I've been reading up on the history of statistics and probability recently and there's a really interesting difference between the ways you'd handle

"Any" millionaire
"Any particular millionaire"
"Some large number of millionaires"
"All" millionaires
"A majority of millionaires."

From a social and legal point of view. We generally don't aim at zero error in anything like the criminal and civil justice system because that would be really stupid (viz. Megan likes to think it) and because it would not be cost effective, and because it would make the best the enemy of the pretty good.

I'm not sure its true that "in order to make sure that any millioniare" standard requires the suspension of the rule of law in order to get there anymore than any other irrational, totalizing demand requires the suspension of the rule of law. You could suspend the rule of law and still not catch everyone if you didn't have the will to do it. And you could make the process so automated, by law, that you could force Millionaires to pay forward and claim back a huge proportion of their income thus putting the burden and cost of collecting their taxes on them, and making the cost of fighting the taxes higher. All of that within the rule of law.

Basically that's what happens to middle class people--their incomes are so well docketed and known that the government forces them to prepay their taxes and then fight to get a refund. It would be relatively easy to view with suspicion any wealthy person, assign them an extremely high prepay of their taxes, and then only refund some portion over 20 percent if they fought for it while you also made them pay all the court costs. All very rule of lawy.

aimai

Anonymous said...

Top tax rate on earned income is pretty meaningless. Cap gains rate has almost always been much, much lower.

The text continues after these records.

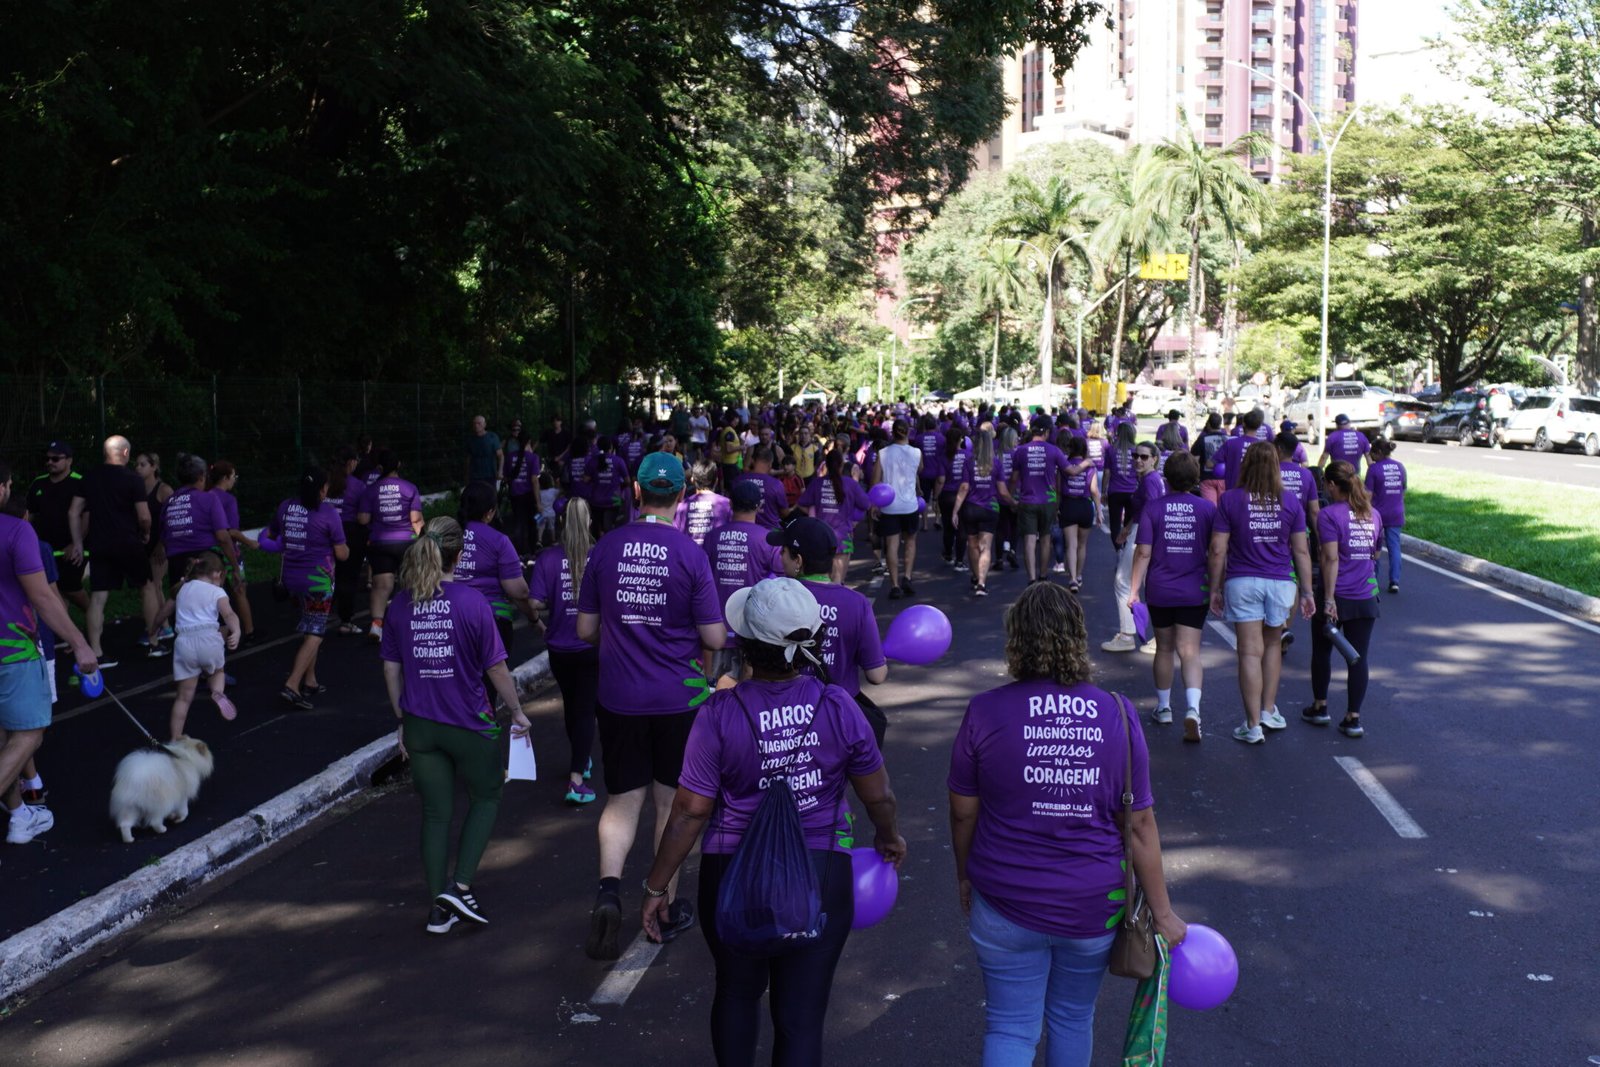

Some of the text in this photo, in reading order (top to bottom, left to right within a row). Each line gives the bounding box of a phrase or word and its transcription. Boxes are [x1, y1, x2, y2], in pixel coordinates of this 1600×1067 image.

[1166, 502, 1194, 513] RAROS
[1249, 520, 1282, 529] CORAGEM!
[719, 530, 748, 542] RAROS
[1164, 531, 1196, 540] CORAGEM!
[623, 542, 668, 560] RAROS
[716, 544, 749, 553] DIAGNÓSTICO,
[617, 562, 670, 577] DIAGNÓSTICO,
[716, 562, 748, 571] CORAGEM!
[618, 574, 663, 587] imensos
[616, 589, 667, 605] CORAGEM!
[413, 600, 451, 616] RAROS
[410, 619, 454, 630] DIAGNÓSTICO,
[413, 631, 449, 641] imensos
[413, 645, 455, 658] CORAGEM!
[1028, 694, 1098, 719] RAROS
[759, 704, 814, 732] RAROS
[1055, 716, 1074, 725] no
[782, 727, 798, 737] no
[1023, 725, 1104, 743] DIAGNÓSTICO,
[1026, 743, 1094, 758] imensos
[1054, 758, 1070, 766] NA
[1023, 765, 1100, 785] CORAGEM!
[1032, 801, 1093, 812] FEVEREIRO LILÁS
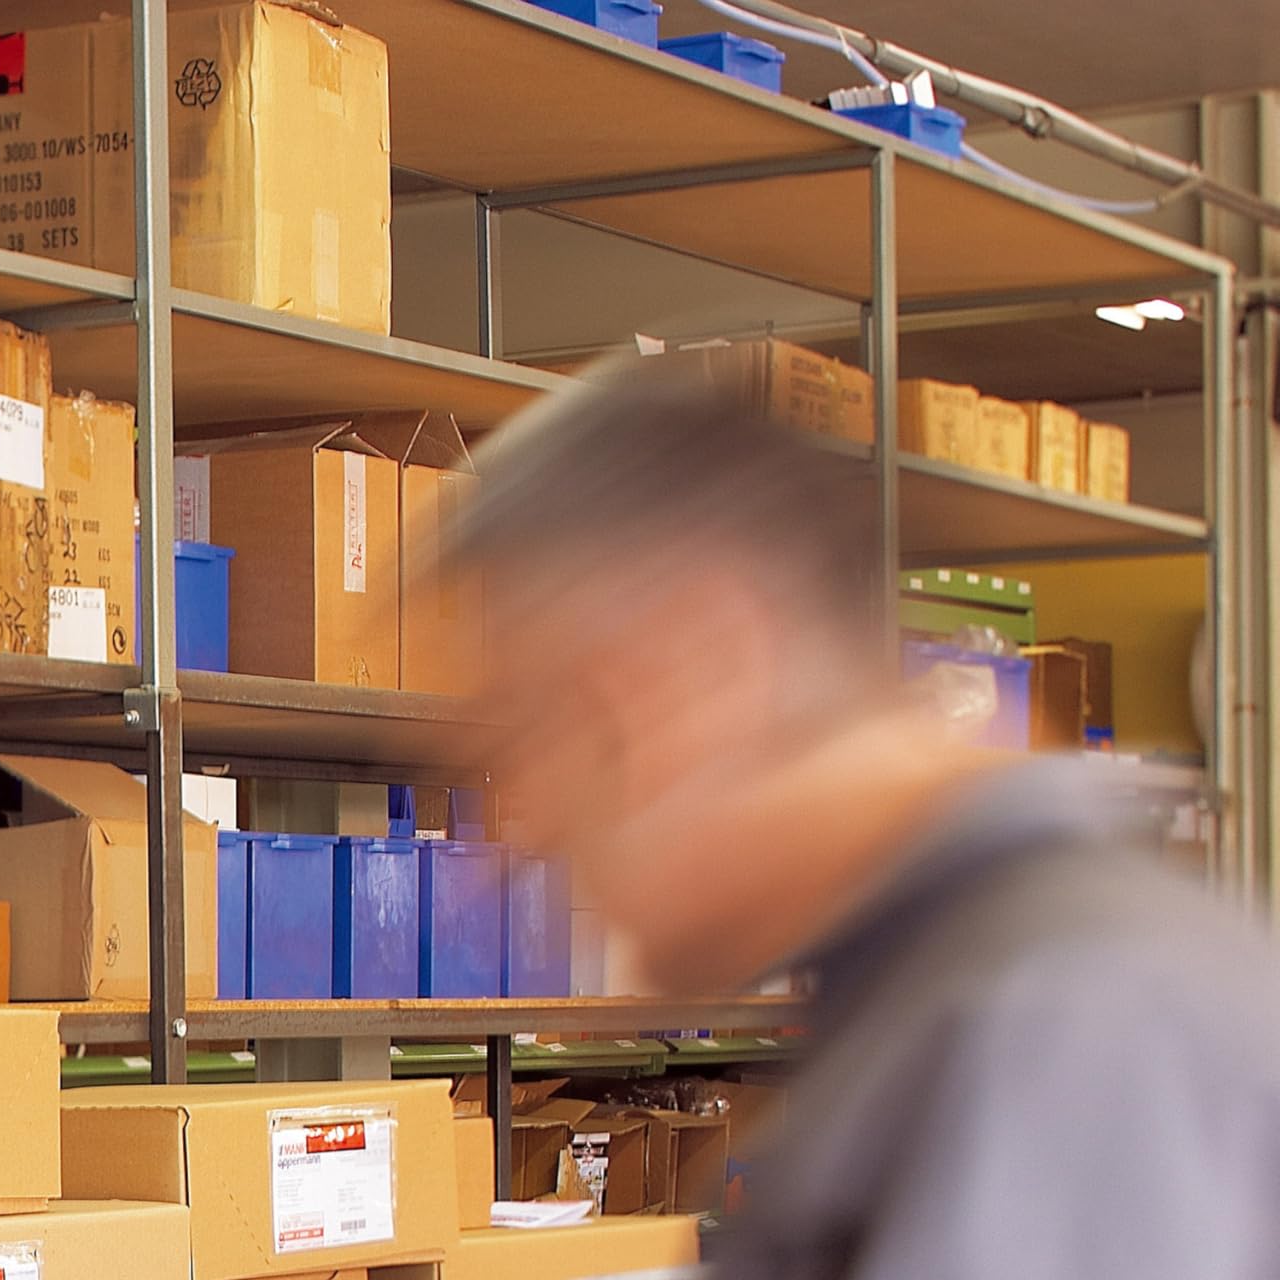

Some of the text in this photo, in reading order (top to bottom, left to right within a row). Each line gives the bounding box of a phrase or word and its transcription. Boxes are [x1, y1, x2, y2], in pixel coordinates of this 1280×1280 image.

[42, 227, 79, 248] SETS
[64, 569, 81, 585] 22
[278, 1155, 321, 1170] oppermann
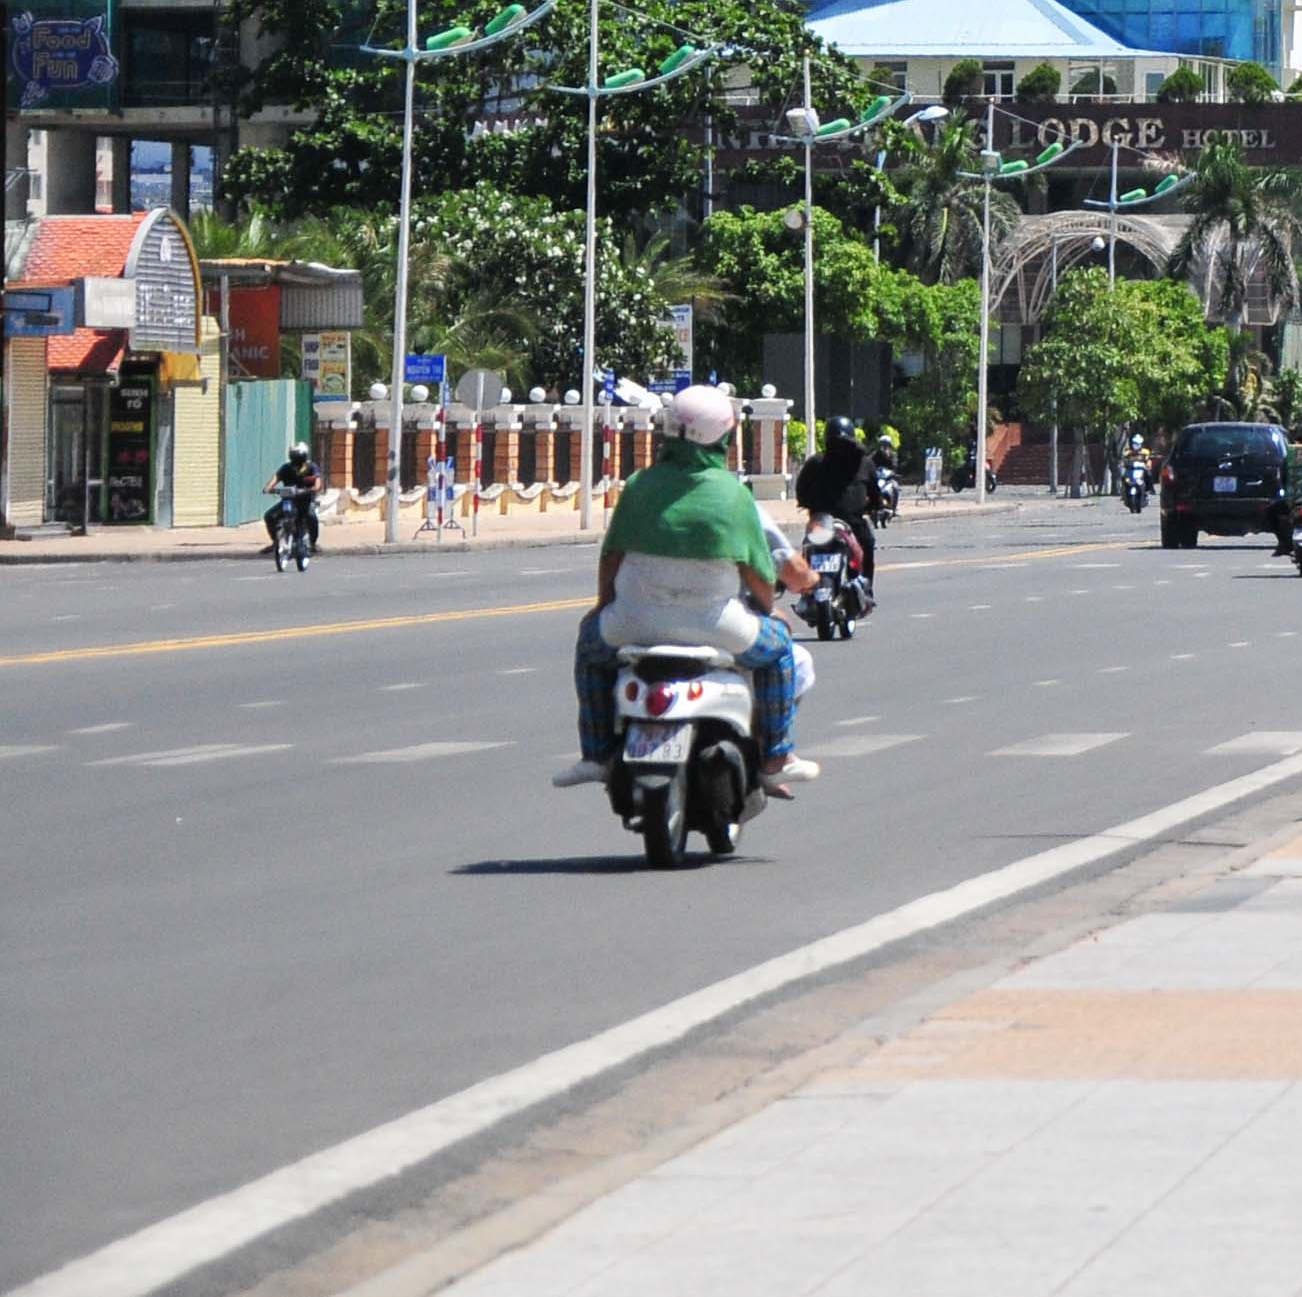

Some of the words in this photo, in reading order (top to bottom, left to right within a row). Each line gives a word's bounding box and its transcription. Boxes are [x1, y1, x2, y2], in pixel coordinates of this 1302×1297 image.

[32, 26, 92, 49] Food
[32, 51, 79, 80] Fun
[1009, 118, 1166, 149] LODGE
[1181, 129, 1277, 149] HOTEL
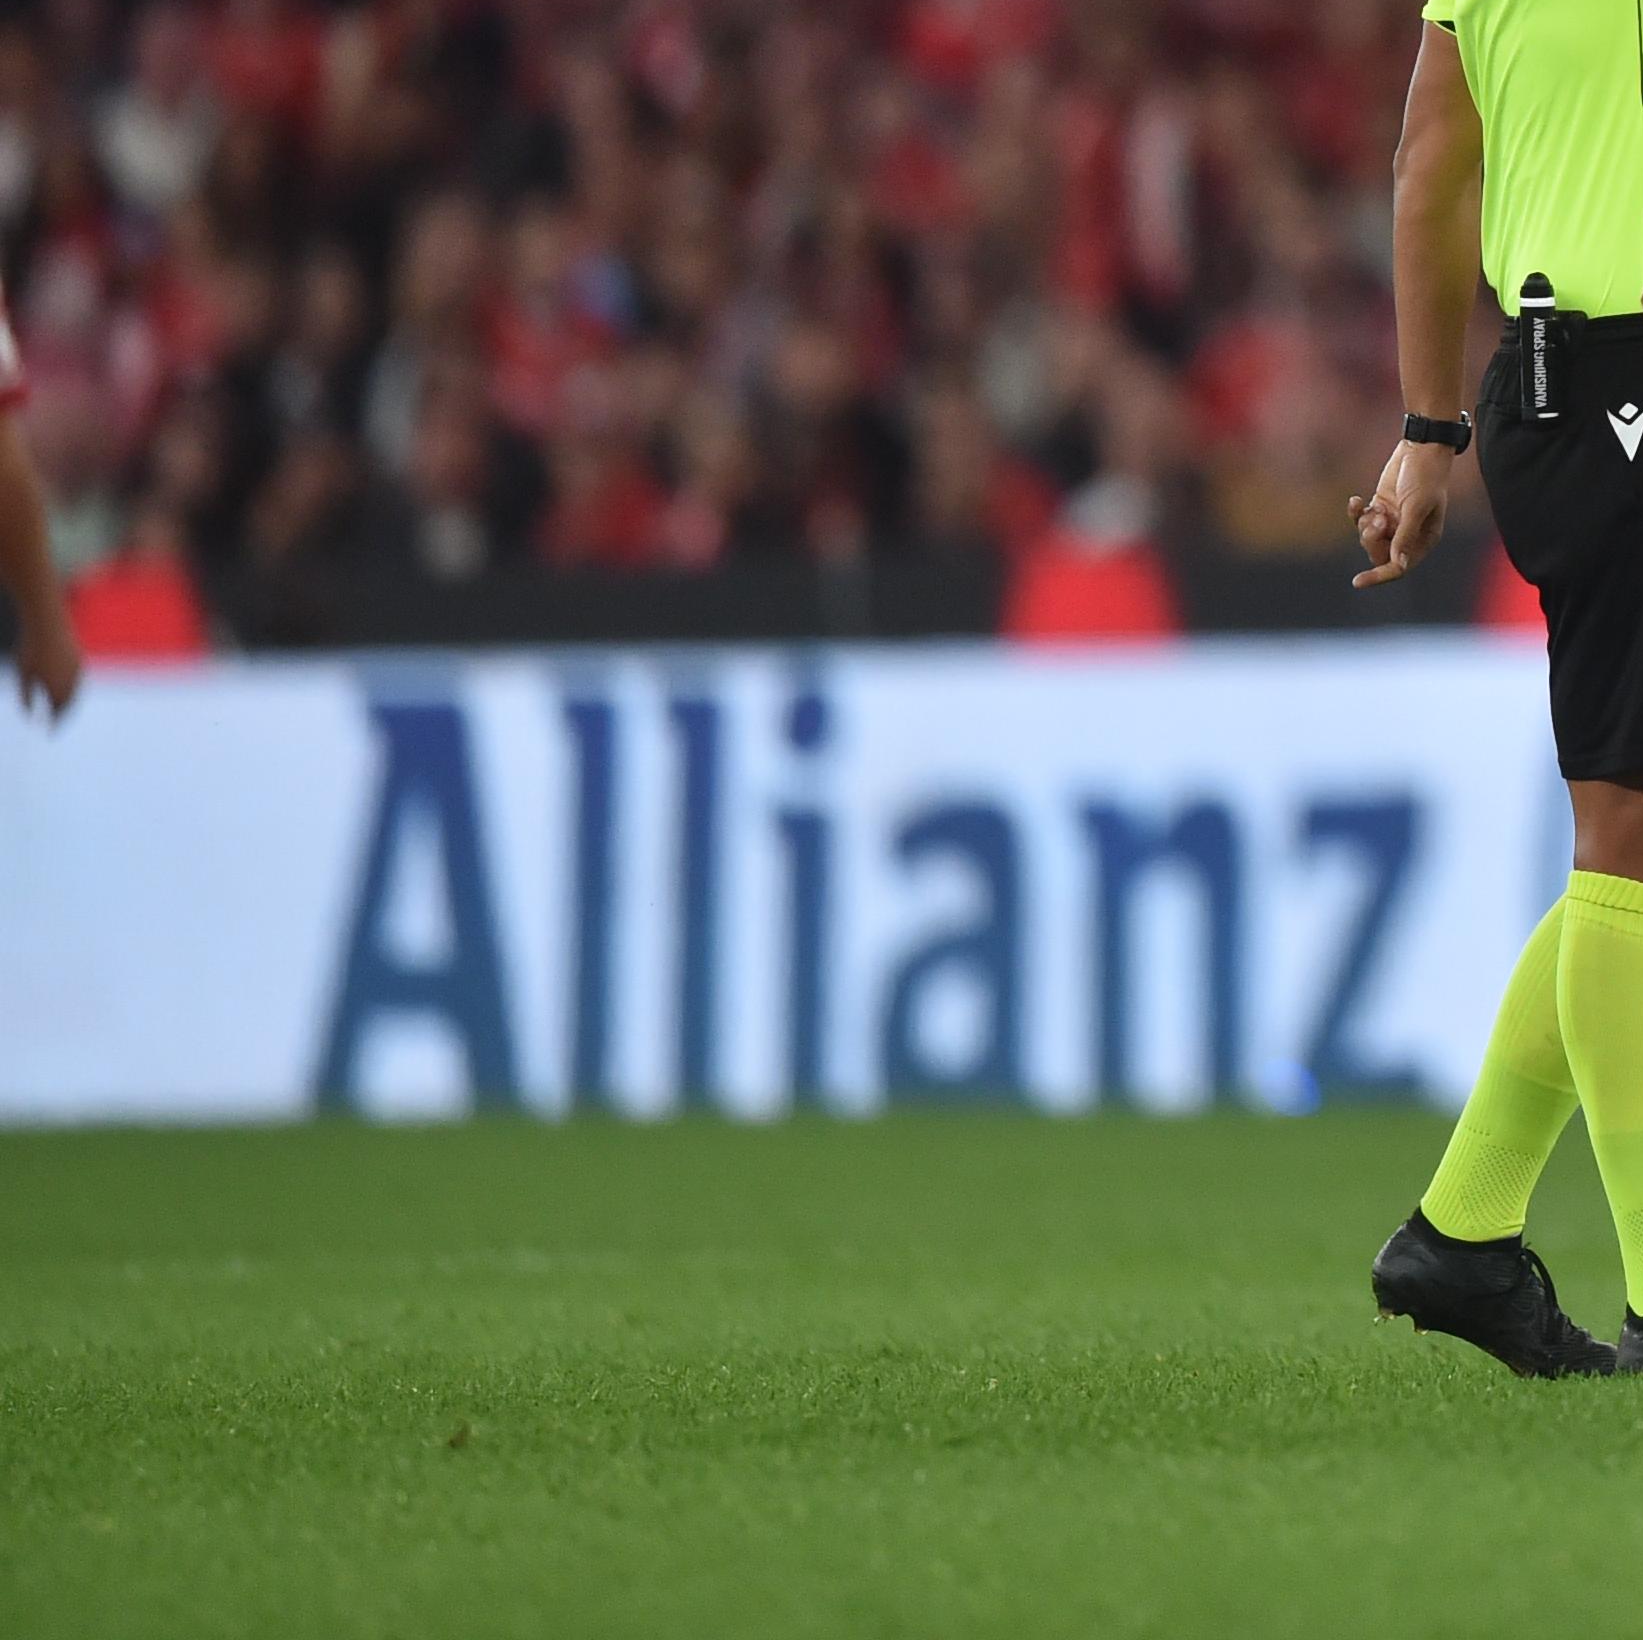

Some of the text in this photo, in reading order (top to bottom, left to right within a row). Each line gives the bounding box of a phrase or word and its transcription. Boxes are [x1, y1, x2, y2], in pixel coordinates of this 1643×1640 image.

[1533, 317, 1548, 408] VANISHING SPRAY
[315, 665, 1430, 1110] Allianz

More important than increasing rates is (a) geting rid of the distinction between earned and unearned, and (b) getting rid of other loopholes that allow the truly rich to report much less income than their gross.

Of course, the best thing would be to move to a system of taxing first rents and then wealth, but that might not be easy to do in the short run.

zombie rotten mcdonald said...

I see Bill O'Reilly is now threatening to go Galt.

All they ever do is threaten.

zombie rotten mcdonald said...

and give the IRS power to seize income from rich people at will."

Don't they already have that? Does she expect us to believe she has never heard of liens or garnishment? Or does she think no one else has?